PROVIDED INFORMATION ▸
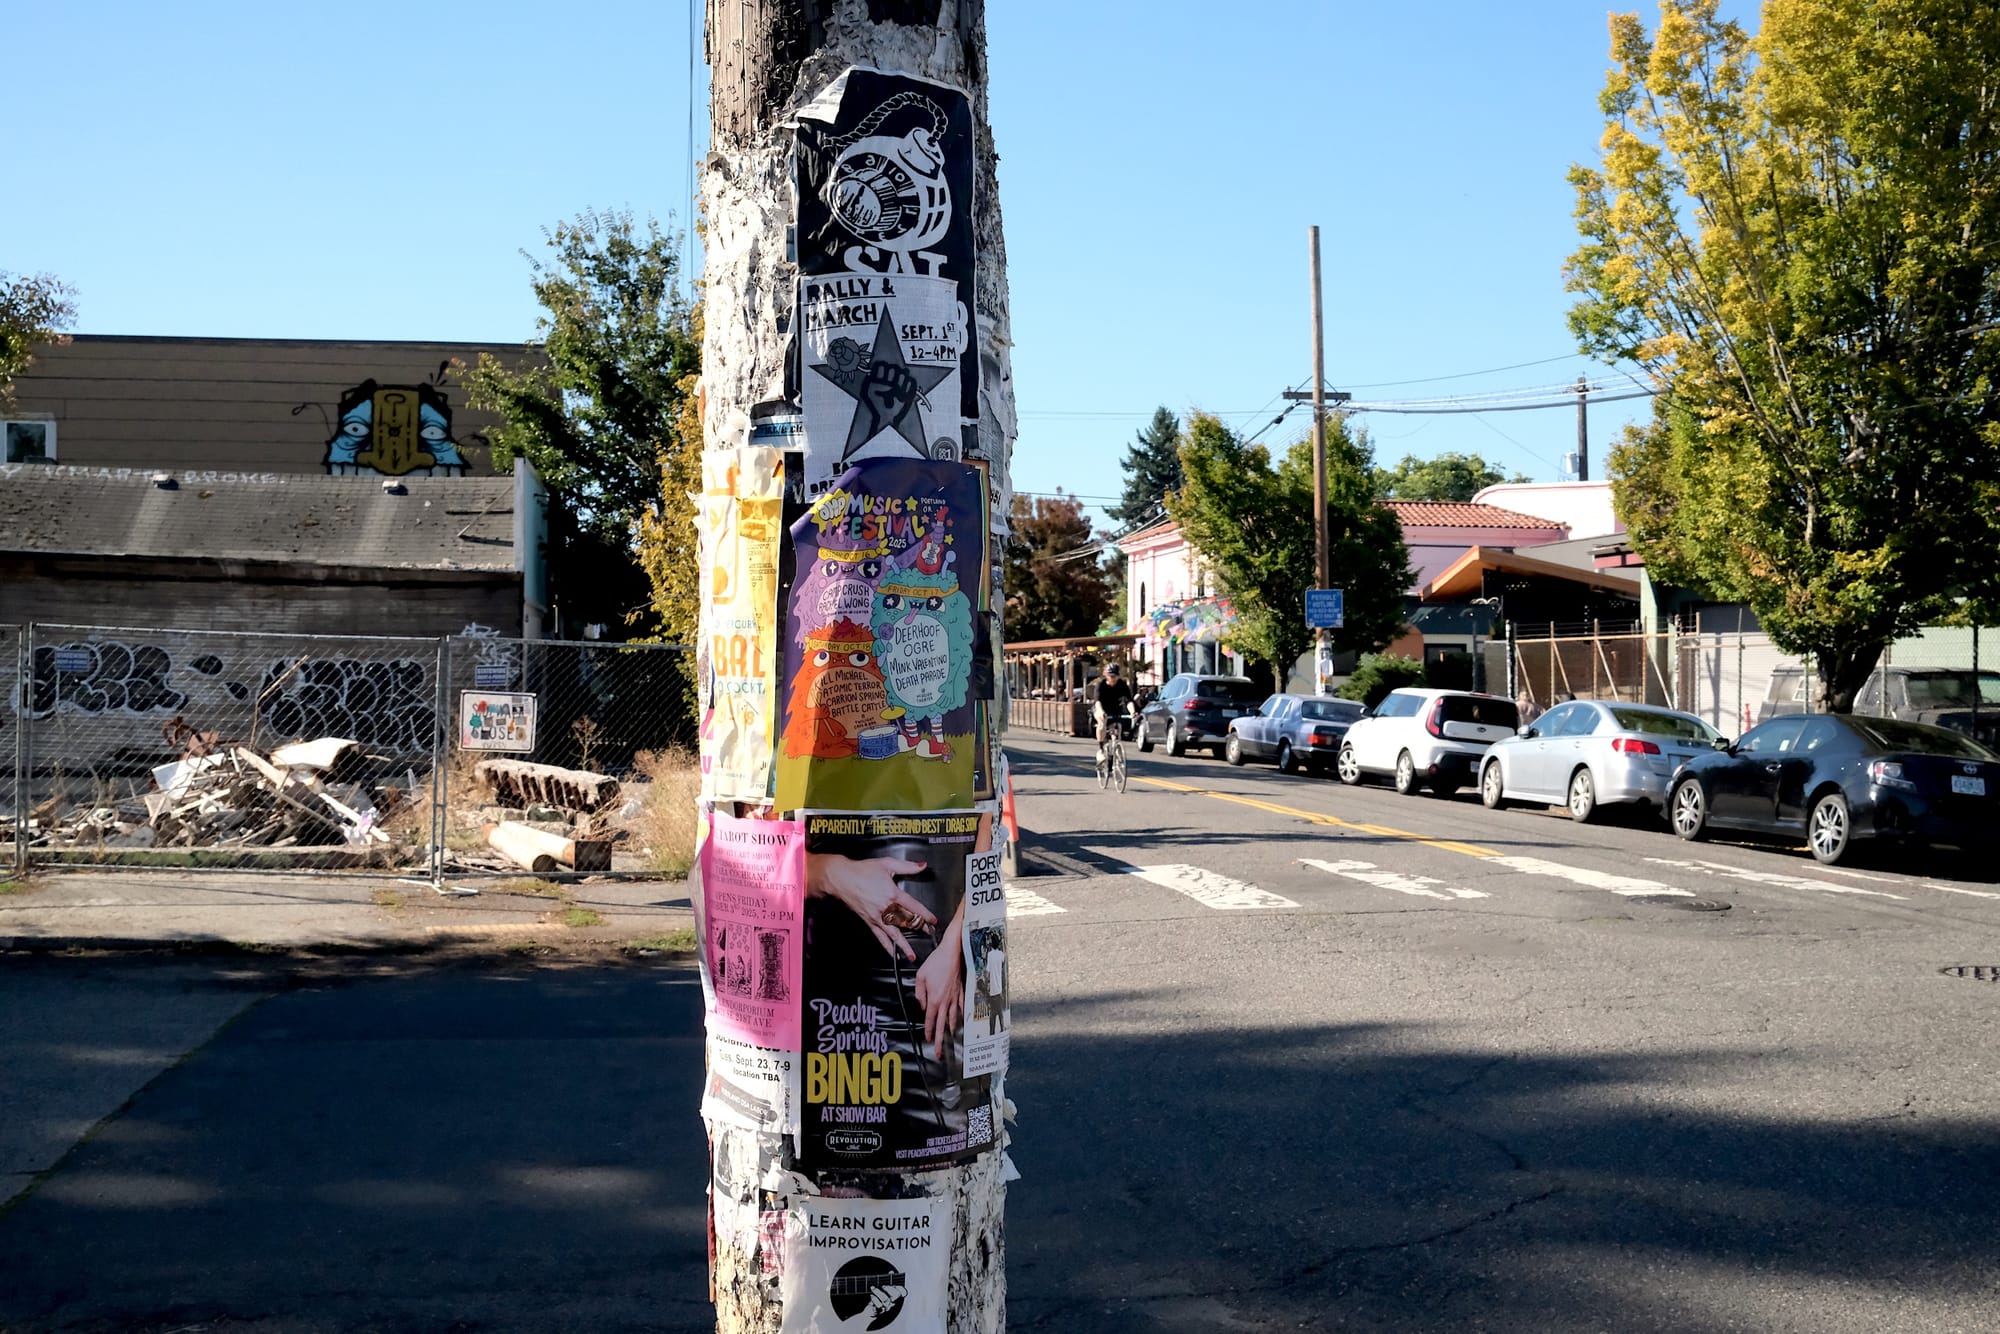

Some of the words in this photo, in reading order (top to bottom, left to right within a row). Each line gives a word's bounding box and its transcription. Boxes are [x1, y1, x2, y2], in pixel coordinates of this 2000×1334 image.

[843, 245, 948, 279] SAT
[806, 278, 871, 303] RALLY
[882, 278, 895, 295] &
[805, 303, 878, 330] MARCH
[901, 325, 938, 340] SEPT.
[910, 345, 957, 360] 12-4PM
[845, 494, 902, 516] MUSIC
[920, 497, 946, 506] PORTLAND
[837, 514, 925, 544] FESTIVAL
[888, 537, 907, 548] 2025
[842, 583, 870, 597] CRUSH
[888, 585, 910, 594] FRIDAY
[912, 588, 927, 597] OCT
[843, 598, 870, 609] WONG
[895, 624, 940, 645] DEERHOOF
[844, 642, 860, 651] OCT
[862, 643, 871, 651] 18
[904, 640, 935, 656] OGRE
[889, 658, 911, 675] MINK
[912, 654, 947, 671] VALENTINO
[815, 671, 834, 688] KILL
[835, 669, 868, 681] MICHAEL
[895, 676, 919, 692] DEATH
[920, 668, 946, 685] PARADE
[823, 683, 852, 696] ATOMIC
[855, 681, 882, 692] TERROR
[826, 692, 858, 708] CARRION
[859, 690, 886, 702] SPRING
[831, 704, 859, 718] BATTLE
[861, 700, 886, 713] CATTLE
[810, 818, 866, 834] APPARENTLY
[889, 818, 921, 834] SECOND
[945, 817, 965, 833] DRAG
[751, 833, 789, 846] SHOW
[737, 895, 768, 908] FRIDAY
[779, 911, 795, 921] PM
[810, 996, 879, 1032] Peachy
[817, 1025, 888, 1058] Springs
[774, 1060, 791, 1071] 7-9
[733, 1067, 760, 1080] location
[762, 1073, 781, 1082] TBA
[806, 1052, 903, 1105] BINGO
[821, 1106, 834, 1123] AT
[835, 1106, 866, 1123] SHOW
[866, 1106, 887, 1123] BAR
[829, 1136, 878, 1146] REVOLUTION
[809, 1214, 866, 1230] LEARN
[872, 1215, 930, 1231] GUITAR
[809, 1235, 931, 1250] IMPROVISATION
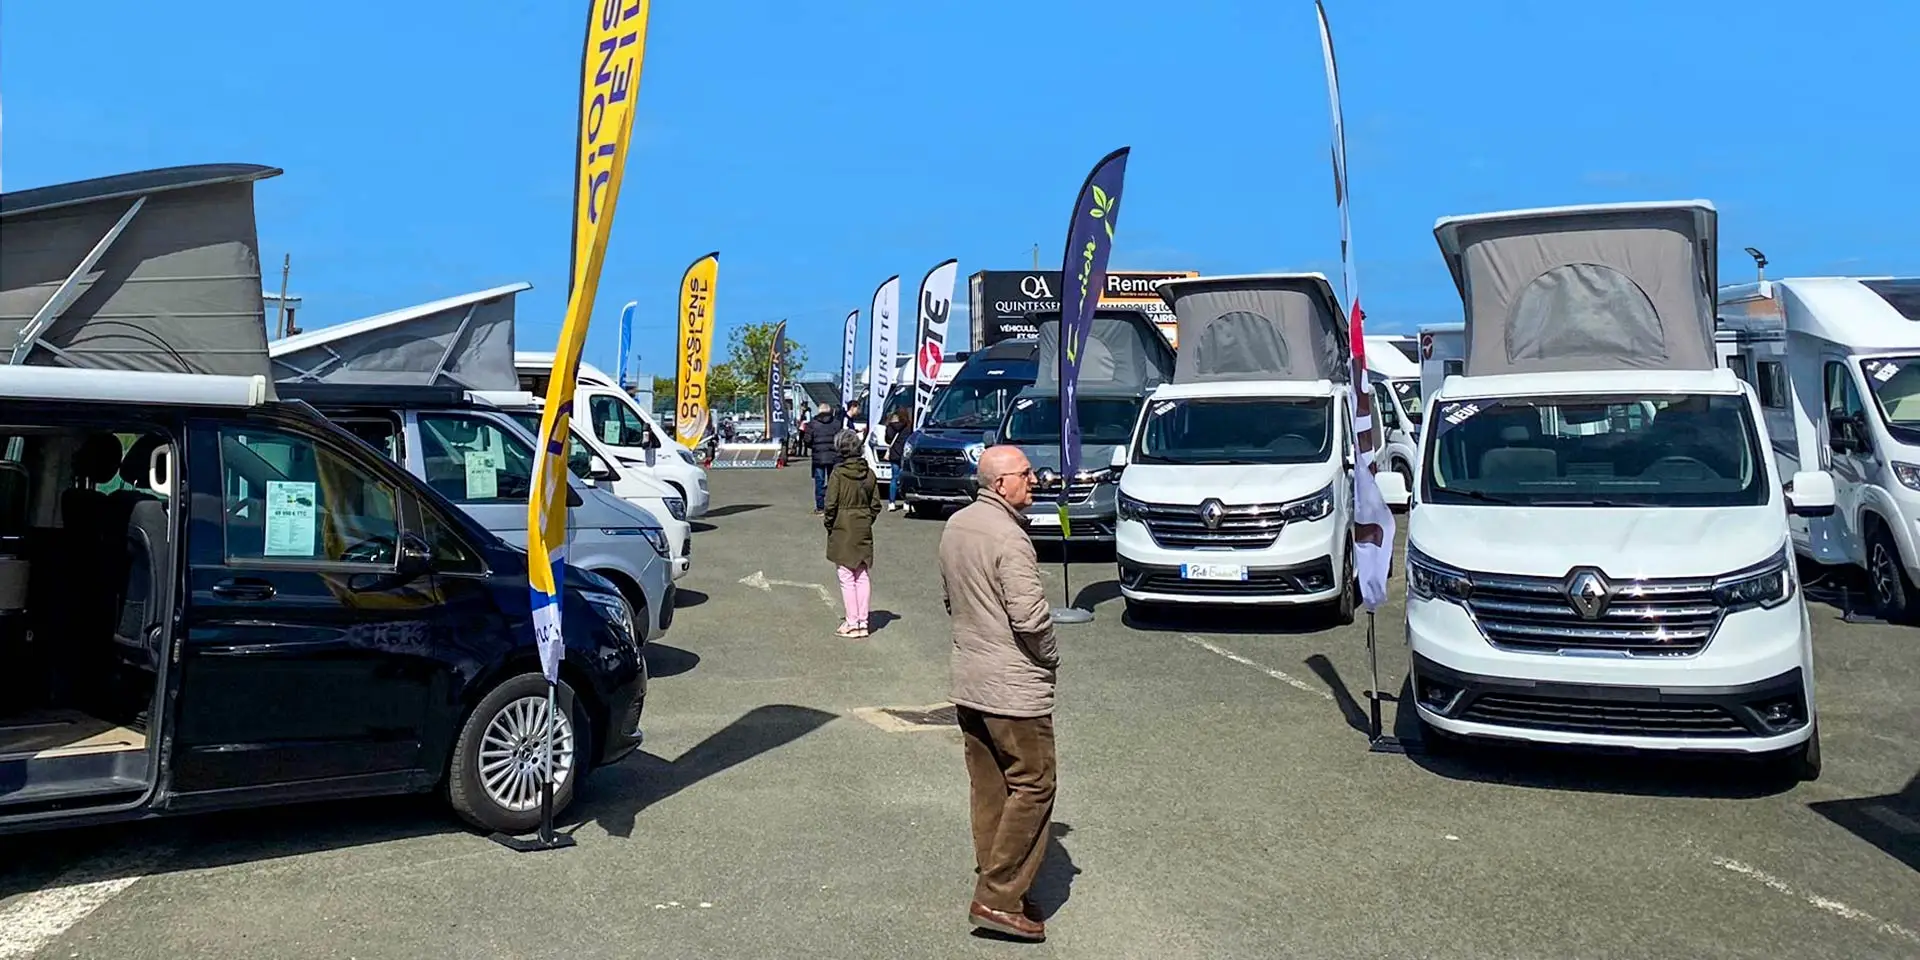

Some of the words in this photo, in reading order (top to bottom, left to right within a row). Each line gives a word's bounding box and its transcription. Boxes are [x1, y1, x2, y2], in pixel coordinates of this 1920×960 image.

[1020, 275, 1054, 299] QA
[995, 301, 1060, 313] QUINTESSE
[692, 279, 708, 373] SOLEIL
[682, 278, 700, 418] OCCASIONS
[877, 309, 890, 400] EURETTE
[690, 383, 702, 418] DU
[1445, 404, 1480, 424] NEUF

DESCRIPTION OF THE TASK ▸
Once the pictures are set aside, write out the entries verbatim.

EXERCISE SOLUTION ▸
Some of the words in this photo, in reading order (top to bottom, left to right within a row). Each line gives a word's bounding box and its transcription. Boxes are [x1, y1, x2, y2], in pixel coordinates of this 2000×1334 image.

[843, 245, 948, 279] SAT
[806, 278, 871, 303] RALLY
[882, 278, 895, 295] &
[805, 303, 878, 330] MARCH
[901, 325, 938, 340] SEPT.
[910, 345, 957, 360] 12-4PM
[845, 494, 902, 516] MUSIC
[920, 497, 946, 506] PORTLAND
[837, 514, 925, 544] FESTIVAL
[888, 537, 907, 548] 2025
[842, 583, 870, 597] CRUSH
[888, 585, 910, 594] FRIDAY
[912, 588, 927, 597] OCT
[843, 598, 870, 609] WONG
[895, 624, 940, 645] DEERHOOF
[844, 642, 860, 651] OCT
[862, 643, 871, 651] 18
[904, 640, 935, 656] OGRE
[889, 658, 911, 675] MINK
[912, 654, 947, 671] VALENTINO
[815, 671, 834, 688] KILL
[835, 669, 868, 681] MICHAEL
[895, 676, 919, 692] DEATH
[920, 668, 946, 685] PARADE
[823, 683, 852, 696] ATOMIC
[855, 681, 882, 692] TERROR
[826, 692, 858, 708] CARRION
[859, 690, 886, 702] SPRING
[831, 704, 859, 718] BATTLE
[861, 700, 886, 713] CATTLE
[810, 818, 866, 834] APPARENTLY
[889, 818, 921, 834] SECOND
[945, 817, 965, 833] DRAG
[751, 833, 789, 846] SHOW
[737, 895, 768, 908] FRIDAY
[779, 911, 795, 921] PM
[810, 996, 879, 1032] Peachy
[817, 1025, 888, 1058] Springs
[774, 1060, 791, 1071] 7-9
[733, 1067, 760, 1080] location
[762, 1073, 781, 1082] TBA
[806, 1052, 903, 1105] BINGO
[821, 1106, 834, 1123] AT
[835, 1106, 866, 1123] SHOW
[866, 1106, 887, 1123] BAR
[829, 1136, 878, 1146] REVOLUTION
[809, 1214, 866, 1230] LEARN
[872, 1215, 930, 1231] GUITAR
[809, 1235, 931, 1250] IMPROVISATION

Some of the words in this photo, in reading order (top to bottom, left to right within a row). Each line gives a word's bounding box and its transcription. Boxes are [x1, y1, x2, y2], in pixel coordinates of this 1920×960 image.

[1020, 275, 1054, 299] QA
[995, 301, 1060, 313] QUINTESSE
[692, 279, 708, 373] SOLEIL
[682, 278, 700, 418] OCCASIONS
[877, 309, 890, 400] EURETTE
[690, 383, 702, 418] DU
[1445, 404, 1480, 424] NEUF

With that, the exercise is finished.